:: Assignment ::
Exactly as they appear, output all of the records. Skip any images.

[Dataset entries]
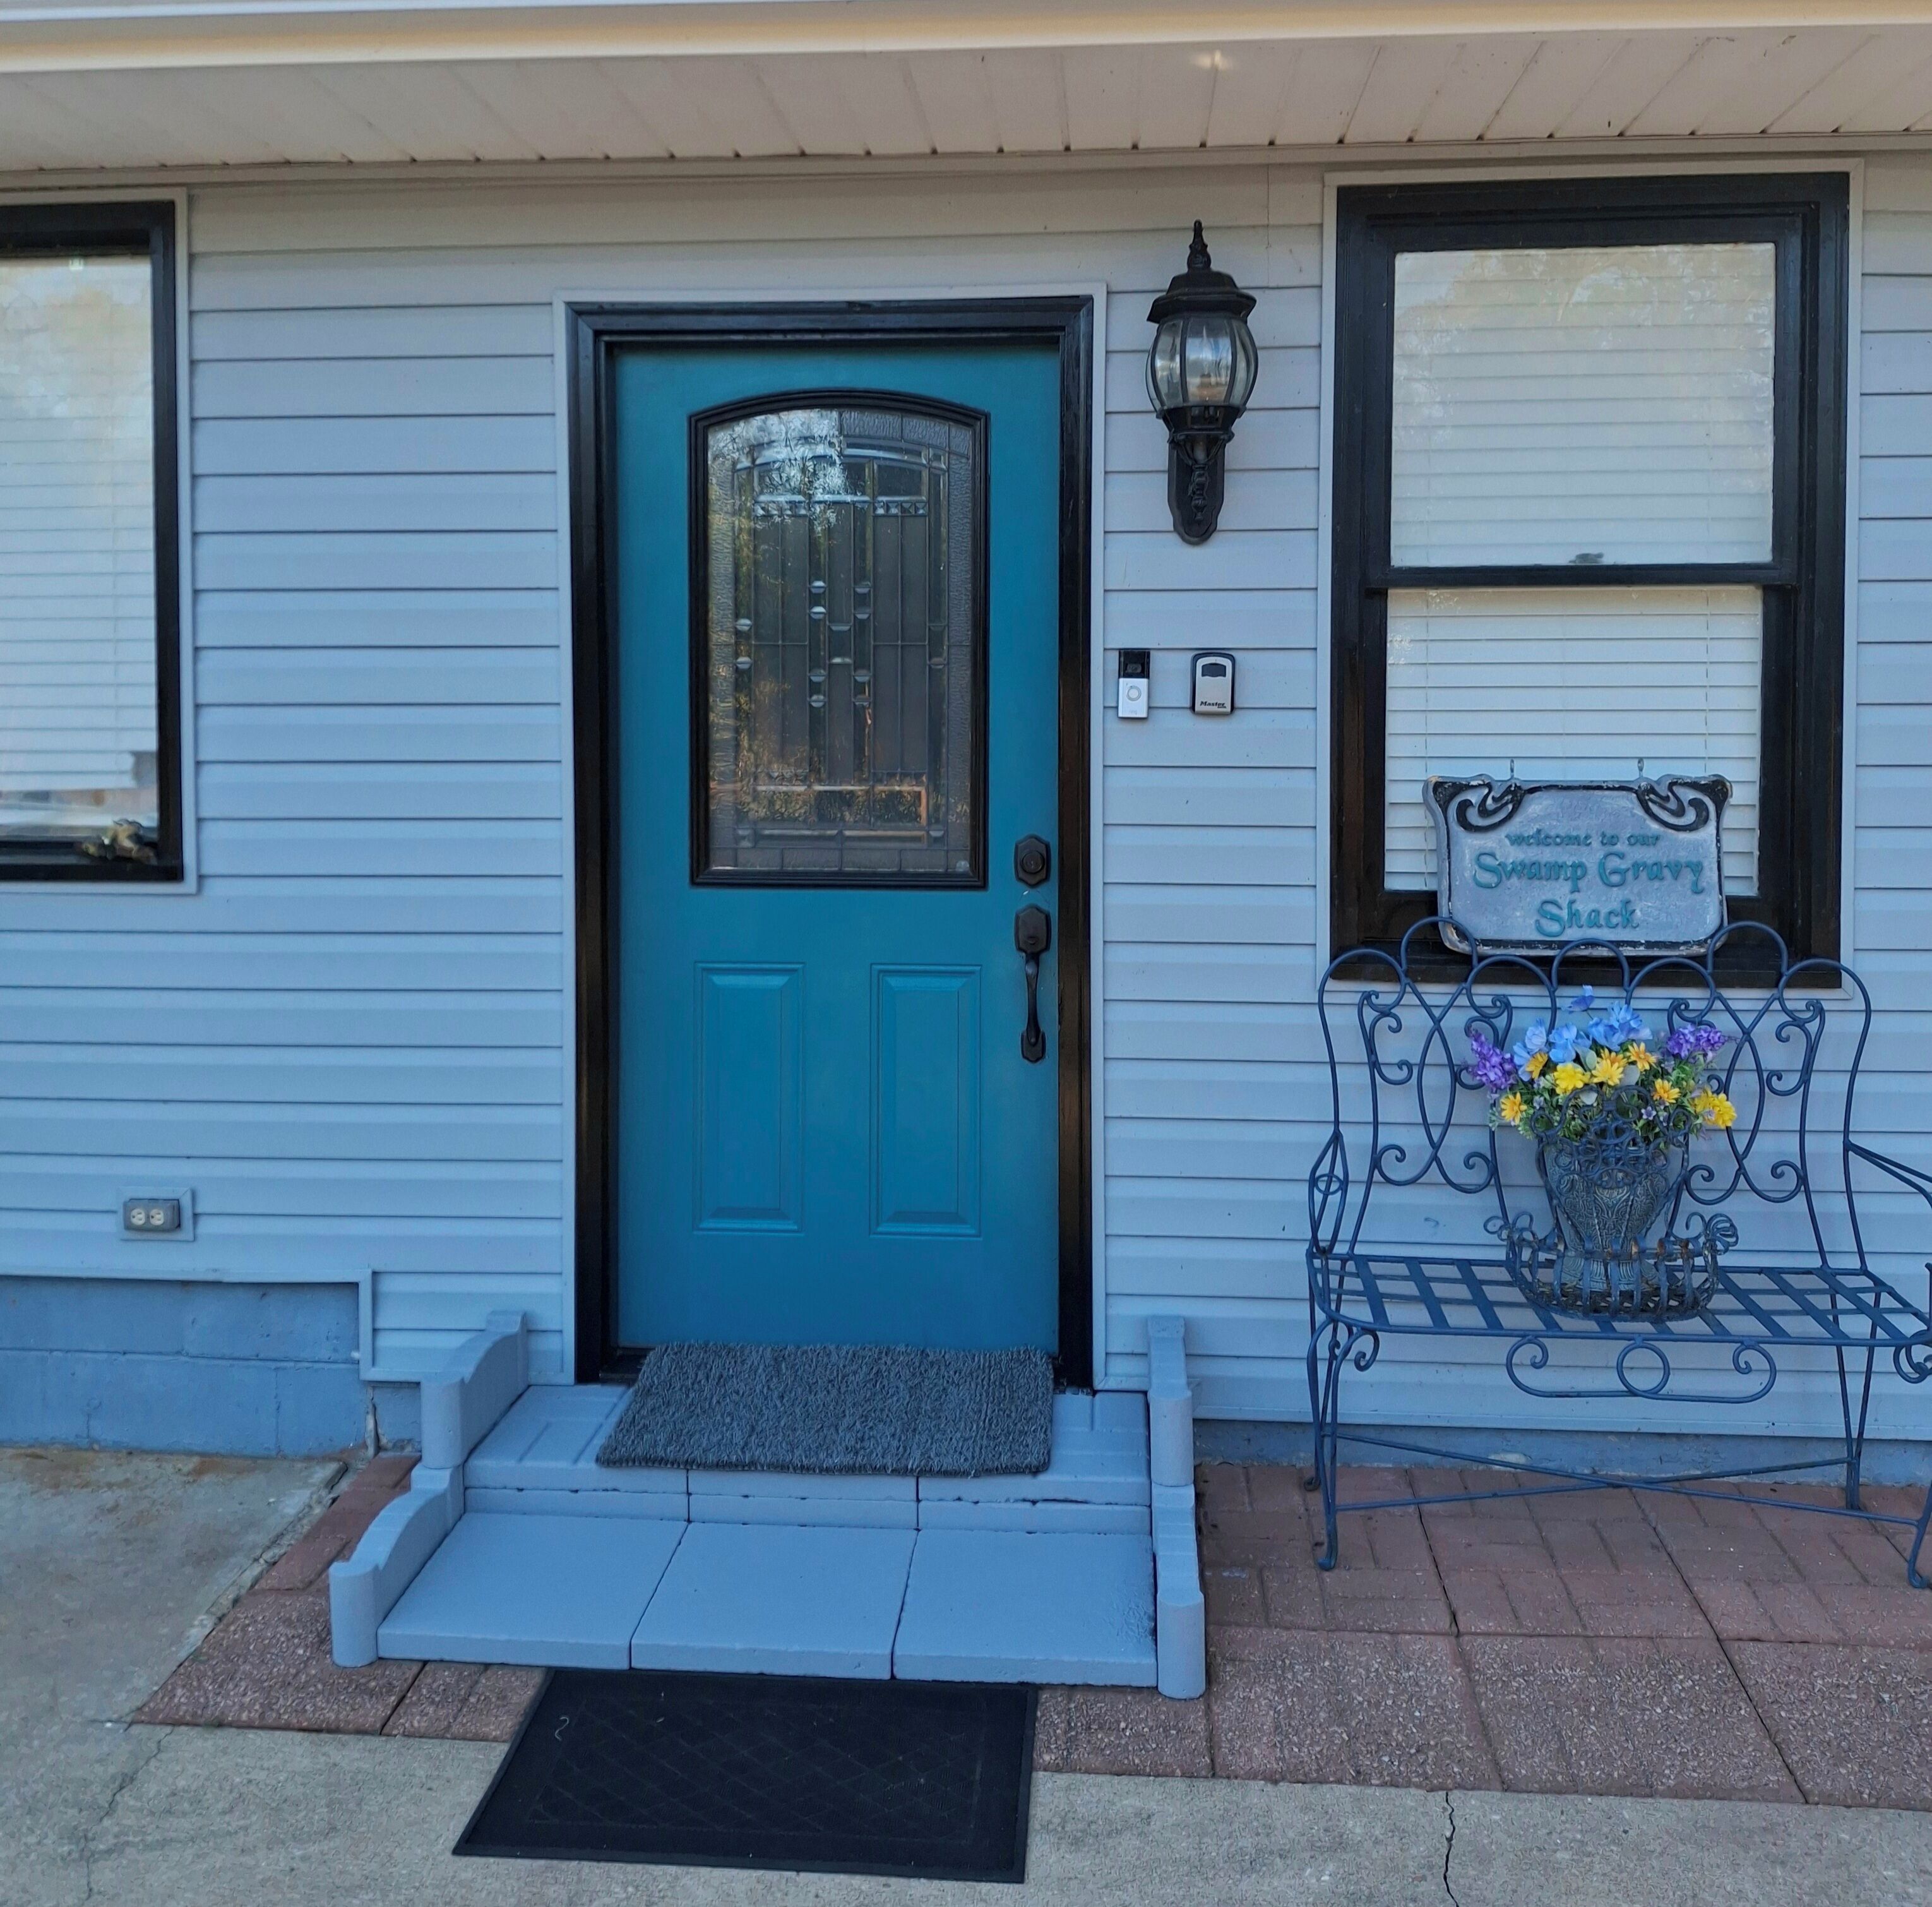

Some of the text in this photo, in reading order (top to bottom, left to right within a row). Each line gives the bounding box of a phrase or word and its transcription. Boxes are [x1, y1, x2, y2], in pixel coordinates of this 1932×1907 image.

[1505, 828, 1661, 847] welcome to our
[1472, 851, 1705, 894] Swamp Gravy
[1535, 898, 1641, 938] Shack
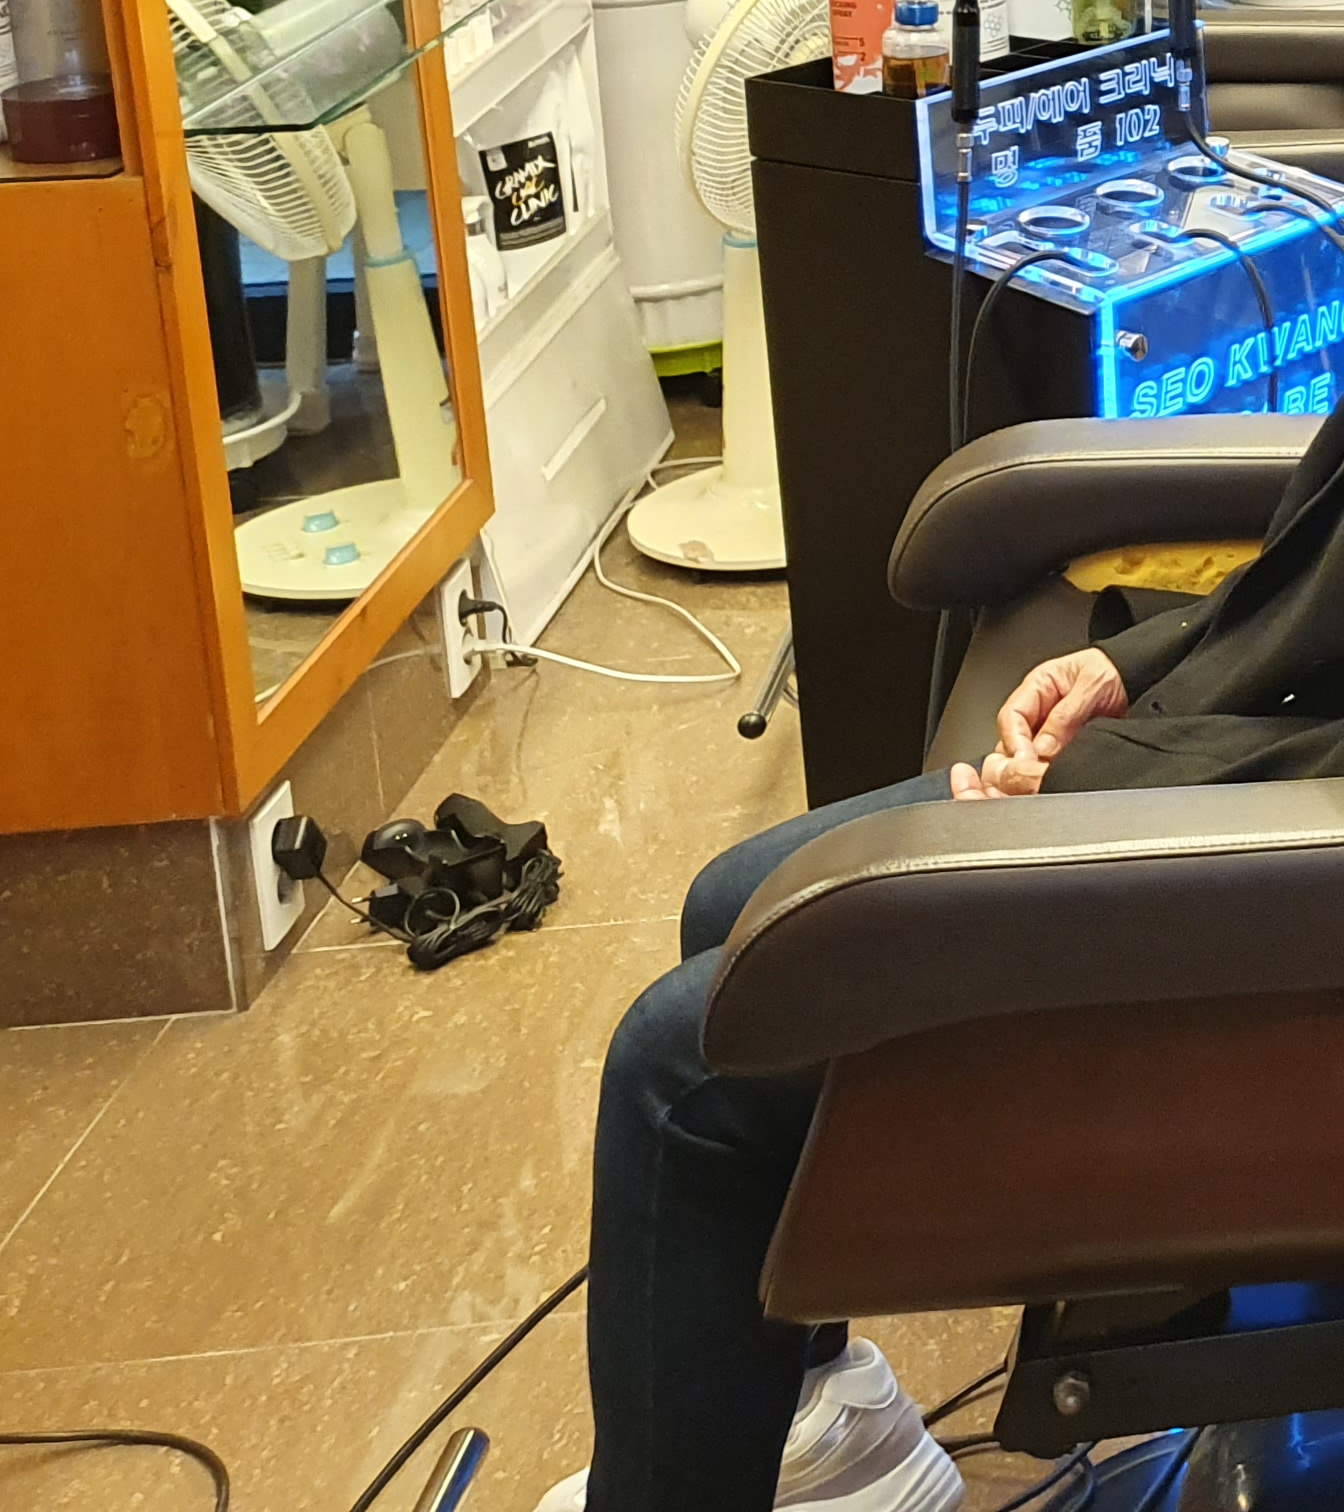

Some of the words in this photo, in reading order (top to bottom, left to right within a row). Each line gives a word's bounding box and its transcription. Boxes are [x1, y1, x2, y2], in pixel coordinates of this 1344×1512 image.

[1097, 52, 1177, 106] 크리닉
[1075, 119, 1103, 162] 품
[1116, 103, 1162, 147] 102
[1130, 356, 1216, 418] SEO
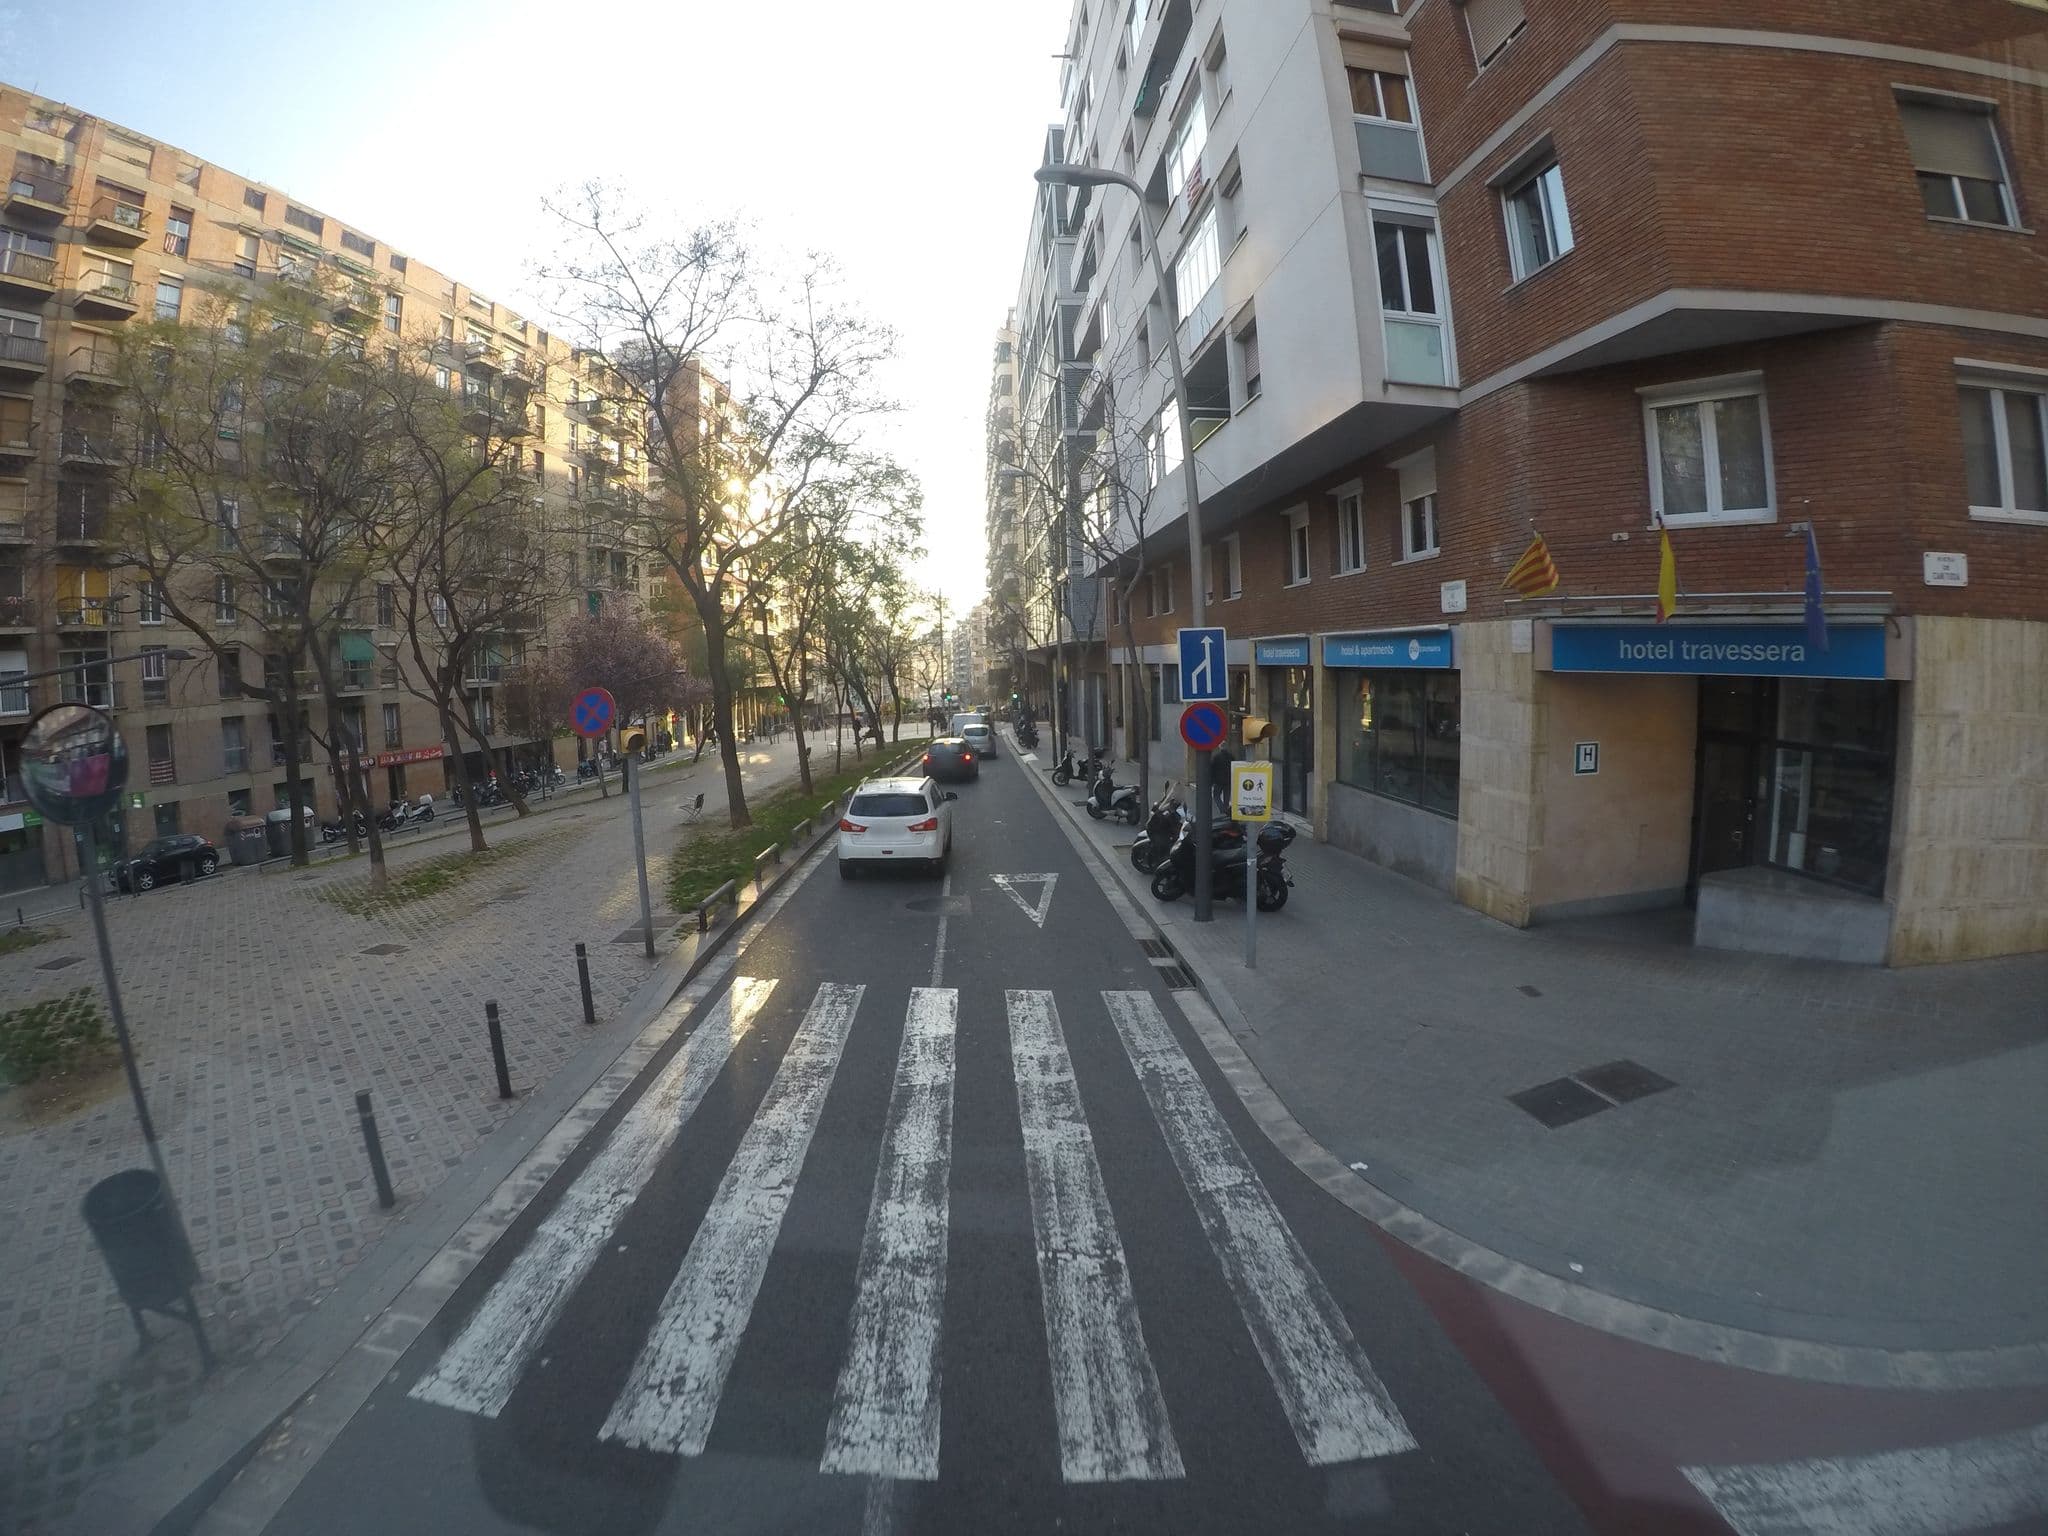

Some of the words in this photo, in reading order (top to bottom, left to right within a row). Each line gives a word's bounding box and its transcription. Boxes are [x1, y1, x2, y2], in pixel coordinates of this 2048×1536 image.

:: Solved problem ::
Some of the text in this photo, in reading order (top to bottom, left to right within a row). Each line gives the bounding box of a phrase or word and its transcription. Boxes are [x1, y1, x2, y2], in pixel coordinates of this 1932×1907 image.

[1505, 828, 1661, 847] welcome to our
[1472, 851, 1705, 894] Swamp Gravy
[1535, 898, 1641, 938] Shack

Some of the words in this photo, in reading order (top to bottom, left to right within a row). Each line gives a word's bounding box and its transcription. Boxes are [x1, y1, x2, y2], in pixel coordinates of this 1344×1512 image.

[1097, 52, 1177, 106] 크리닉
[1075, 119, 1103, 162] 품
[1116, 103, 1162, 147] 102
[1130, 356, 1216, 418] SEO

Some of the words in this photo, in reading order (top to bottom, left to right within a row). Each line gives a word's bounding box and its transcription. Boxes are [x1, y1, x2, y2], in pixel coordinates of this 2048×1536 image.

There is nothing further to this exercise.